La declaración de Independencia firmada el 9 de julio de 1816, con el sanjuanino Francisco Narciso Laprida a la cabeza del Congreso, no fue aceptada de inmediato por España. Según relató Meglioli, el rey Fernando VII se negó rotundamente a admitir la emancipación de las Provincias Unidas del Río de la Plata y ordenó redoblar los esfuerzos para reconquistar el territorio.
El historiador contó además un dato curioso sobre la reacción sanjuanina ante la Revolución de Mayo de 1810. Cuando la noticia llegó a la provincia, unos 23 días más tarde, los vecinos festejaron el hecho pero, paradójicamente, siguieron manifestando fidelidad al monarca español, a quien consideraban una figura casi divina.
Meglioli explicó que esa lealtad persistente hacia Fernando VII fue uno de los motivos por los que España no vio en el ‘primer grito de libertad’ una amenaza inmediata.
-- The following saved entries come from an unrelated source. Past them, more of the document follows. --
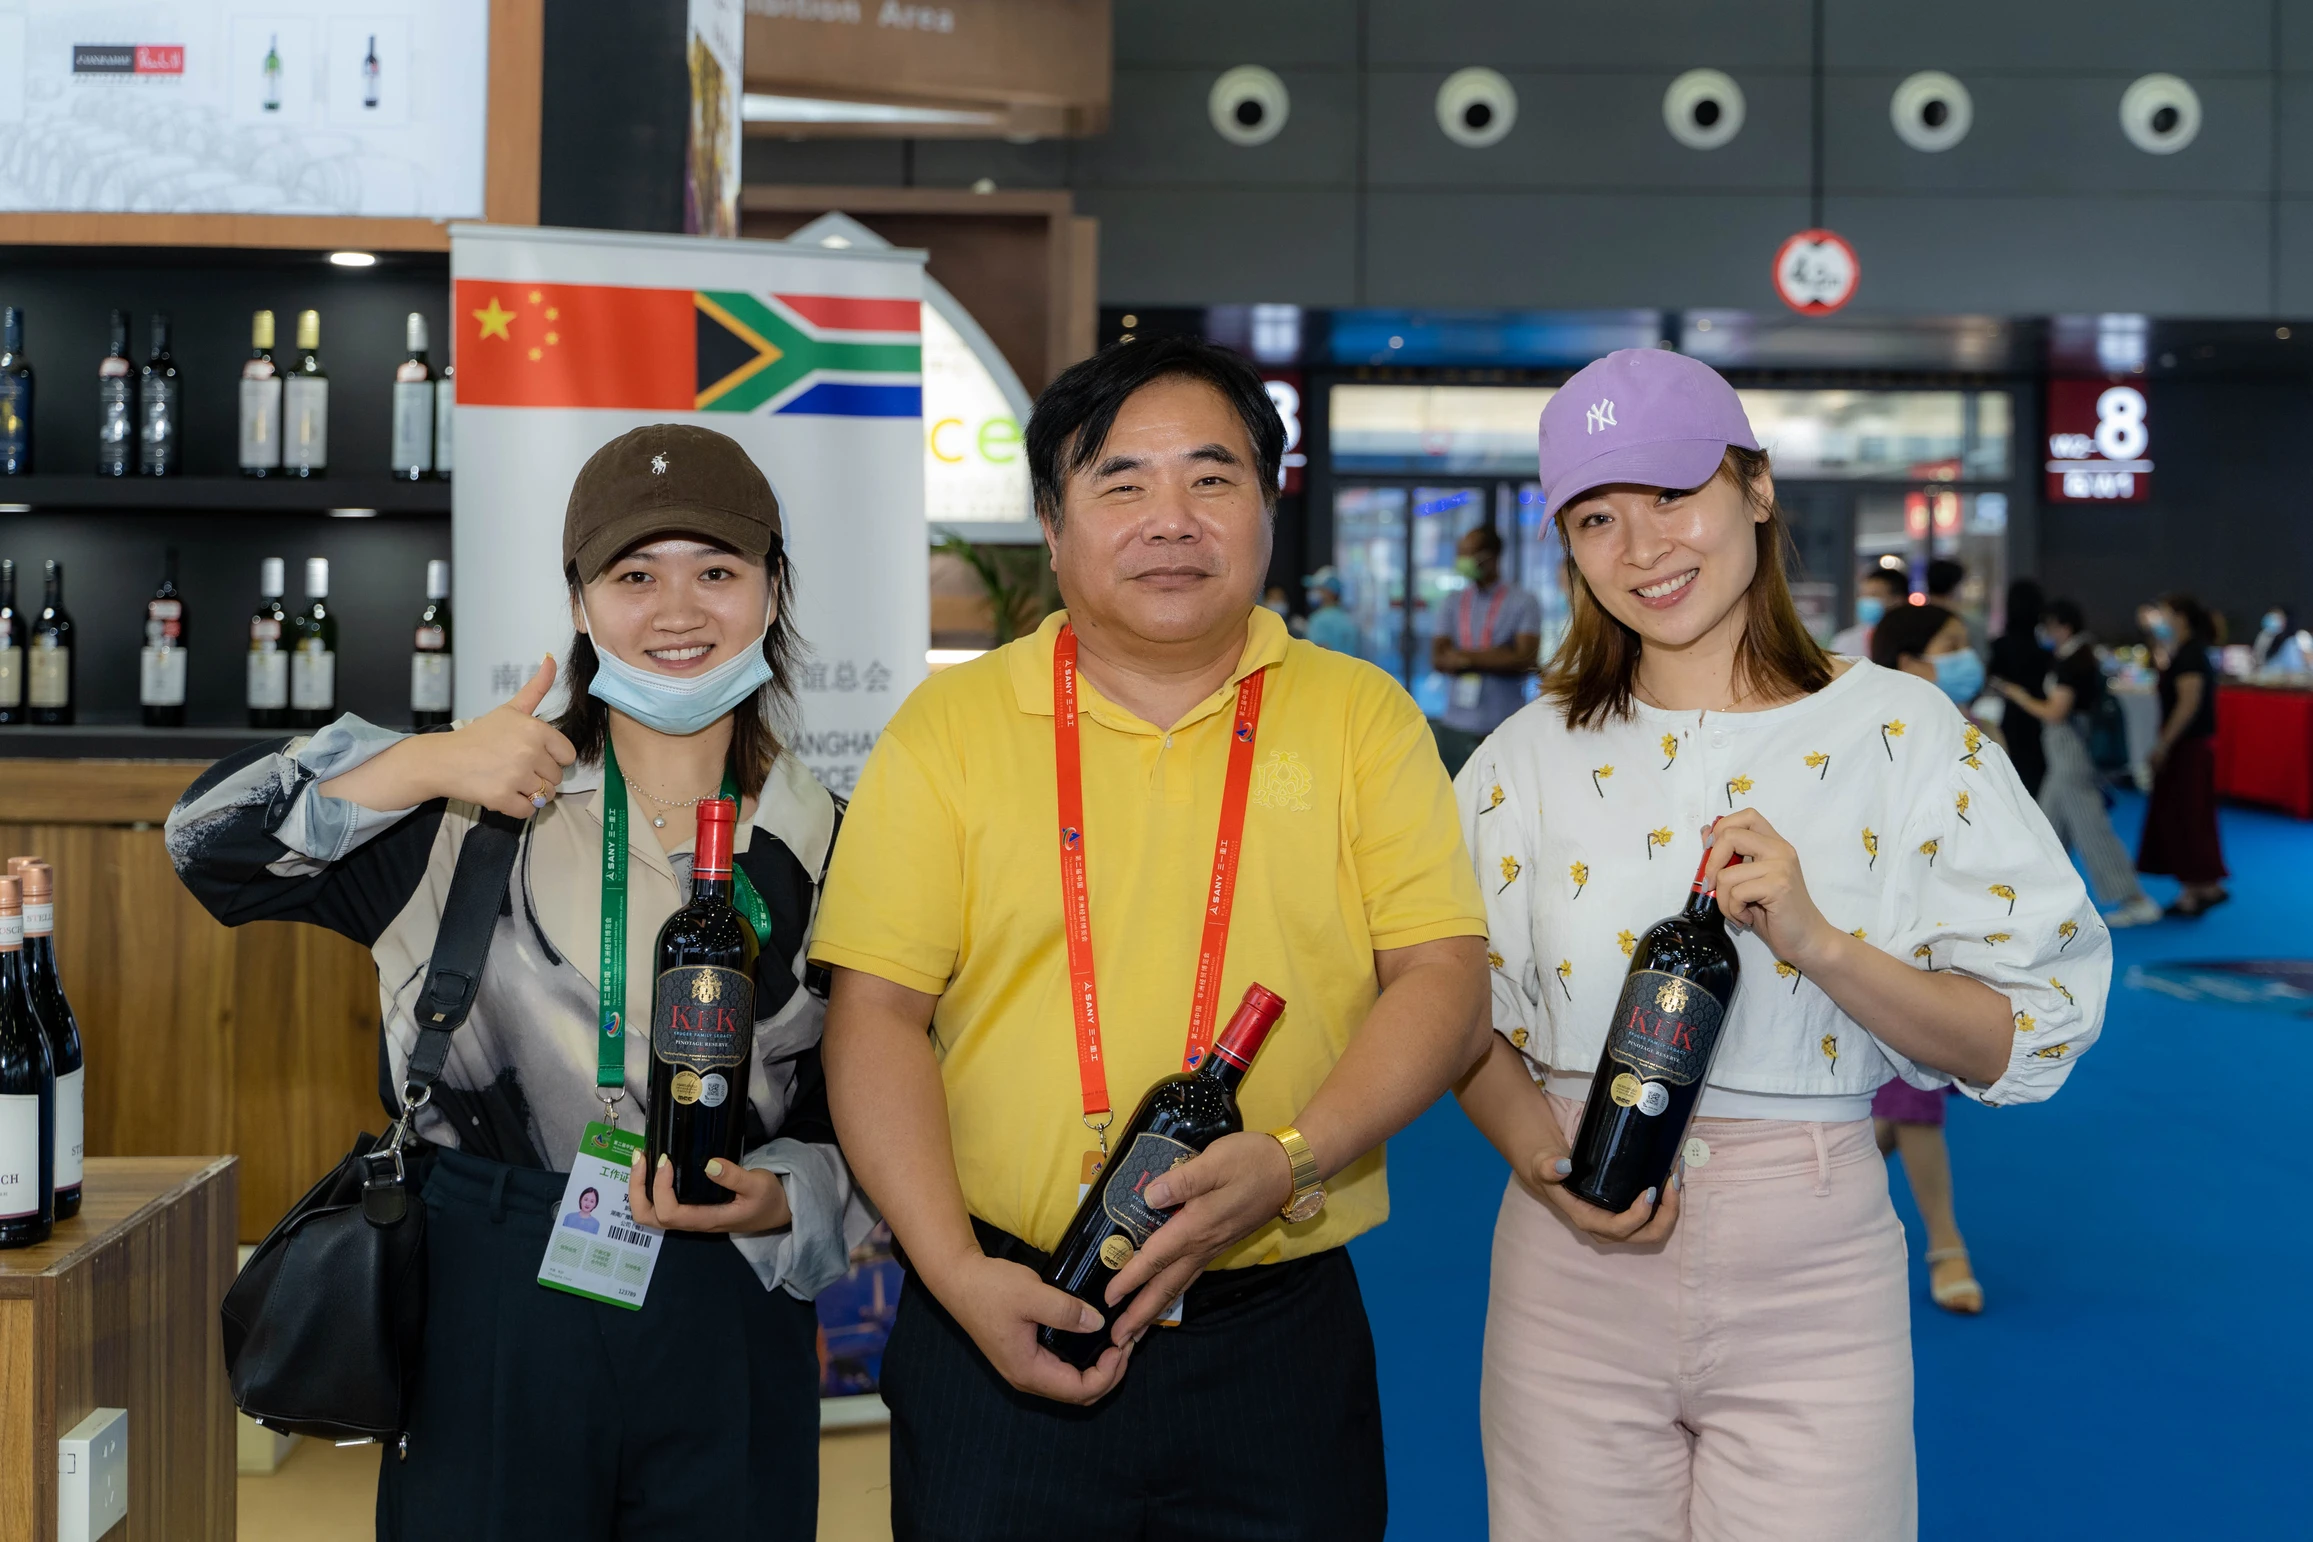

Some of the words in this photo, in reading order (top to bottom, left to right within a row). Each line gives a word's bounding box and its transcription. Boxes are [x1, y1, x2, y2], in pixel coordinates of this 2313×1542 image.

[877, 1, 955, 33] Area
[1586, 398, 1618, 435] NY
[1064, 668, 1072, 695] SANY
[1066, 698, 1074, 728] 三一重工
[608, 808, 617, 838] 三一重工
[607, 841, 616, 870] SANY
[1217, 839, 1228, 871] 三一重工
[1212, 874, 1223, 904] SANY
[1085, 993, 1095, 1024] SANY
[1089, 1028, 1099, 1062] 三一重工
[1628, 1040, 1654, 1054] PINOTAGE
[1655, 1050, 1680, 1063] RESERVE
[599, 1165, 631, 1184] 工作证
[1130, 1203, 1155, 1222] PINOTAGE
También aclaró que en esa época no todos los habitantes eran reconocidos como ‘vecinos’, un estatus reservado únicamente a las familias de la elite colonial, mientras el resto de la población ni siquiera era contabilizada oficialmente.
El reconocimiento definitivo de la independencia argentina recién llegó en 1859, bajo el reinado de Isabel II, hija de Fernando VII, quien había muerto en 1833 sin aceptar nunca la emancipación. Así, pasaron 43 años entre la declaración de Tucumán y su reconocimiento formal por parte de la corona española.